Perfect humans must first accept their capacity to reason and properly understand it to be their sole faculty for understanding the world. (Even the concept of "divine revelation" had to be reasoned through in order to understand it--though poorly, in my opinion.)

A large part of this acceptance is understanding that reason is for comprehending reality not for creating it. That is, the faculty of reason works by integrating perceptions about the world into conceptions that allow us to order knowledge and made sense of our surroundings. It does not work by granting our whims about how reality should be. With that in mind, perfect humans must accept the bounds of the metaphysically given and not wage war against "the real." They may alter reality in the ways that are allowed by nature--e.g., application of imagination to raw materials--but they should never demand what cannot be.

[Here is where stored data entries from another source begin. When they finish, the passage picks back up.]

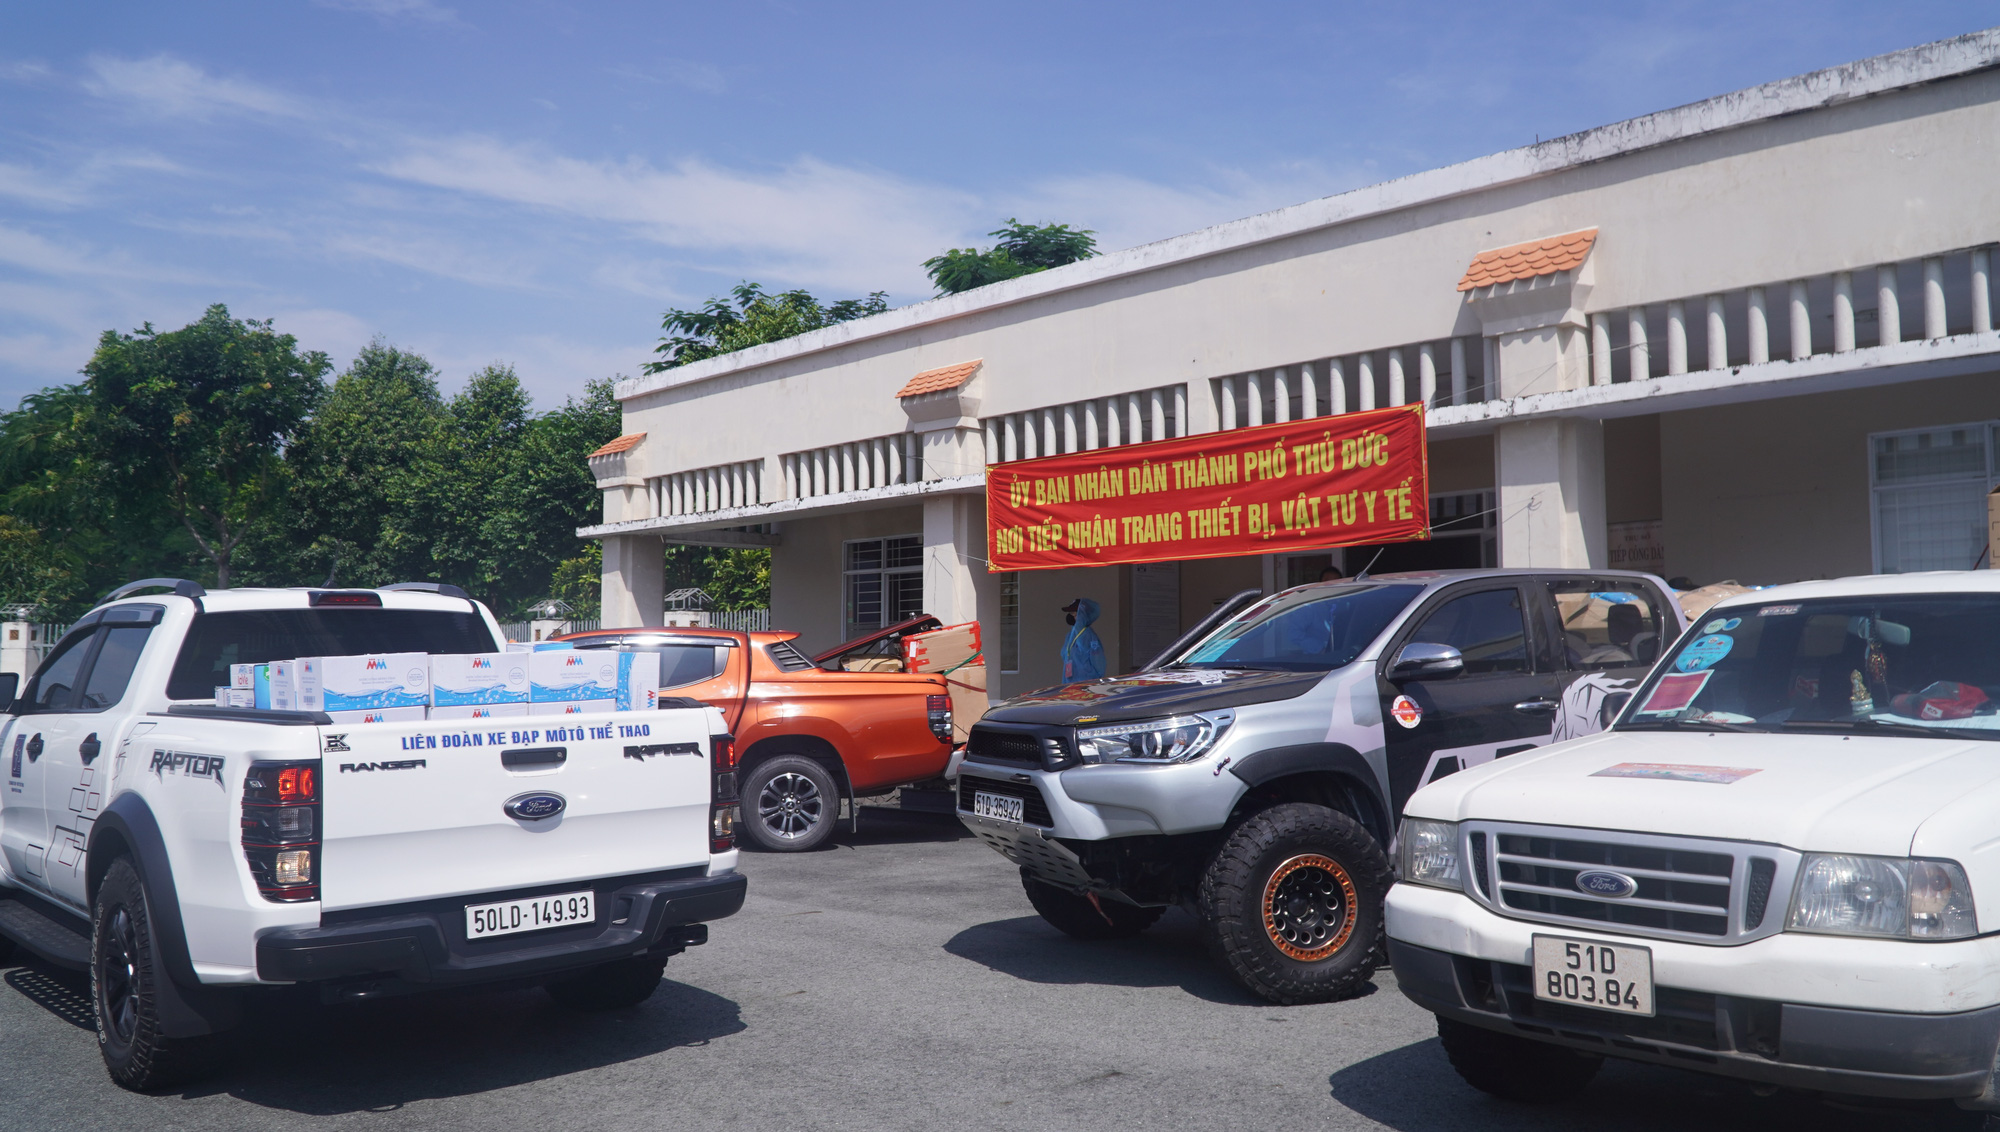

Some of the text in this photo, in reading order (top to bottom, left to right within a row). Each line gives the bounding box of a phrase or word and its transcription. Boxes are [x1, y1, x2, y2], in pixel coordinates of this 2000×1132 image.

[1010, 429, 1389, 508] ỦY BAN NHÂN DÂN THÀNH PHỐ THỦ ĐỨC
[996, 476, 1414, 555] NƠI TIẾP NHẬN TRANG THIẾT BỊ, VẬT TƯ Y TẾ
[401, 733, 437, 751] LIÊN
[442, 731, 483, 748] ĐOÀN
[488, 731, 507, 745] XE
[511, 730, 540, 746] ĐẠP
[589, 721, 614, 740] THỂ
[618, 724, 651, 738] THAO
[150, 748, 226, 793] RAPTOR
[339, 759, 427, 774] RANGER
[526, 800, 553, 813] Ford
[1590, 876, 1618, 892] Ford
[474, 896, 589, 934] 50LD-149.93
[1565, 942, 1616, 974] 51D
[1547, 970, 1639, 1010] 803.84

Finally, perfect humans must use their rational faculties relentlessly, striving to make reasoned decisions in all aspects of their lives. Two caveats: 1. This does not mean that the outcome of a reasoned decision must be right. That is, even if the faculty of reason is applied perfectly in some scenarios, it does not guarantee that the outcome will be what was expected. Sometimes there simply isn't enough information at hand, or, in worse cases, the information provided is faulty--if someone lies to you, for example. 2. The relentless use of reason does not mean that humans must become emotionless automatons. But it does mean that they cannot be emotional junkies, taking the high of their emotional experiences and using them in place of reason as evaluative methods. Sometimes your emotions will be in conflict with your reason. In these instances, reason must win--especially if you ever want that emotion to mesh with what is reasonable. (Please see my previous post on this topic.)

The perfect human is one who accepts his nature, accepts reality, and acts accordingly. Perfection, then, at least in this context, seems to be a misnomer--perhaps even an anti-concept in some cases. It's not as if perfection is a trait that would be nice to obtain; for humans, it's necessary for living a flourishing life on Earth. Using the term perfection seems an unnecessary linguistic barrier, one that creates a delicate house of cards of morality that's meant to collapse with your first exhaled breath.

It is not the perfect human that should strive for what I've defined here as human perfection. It is, in fact, the purview of the normal human.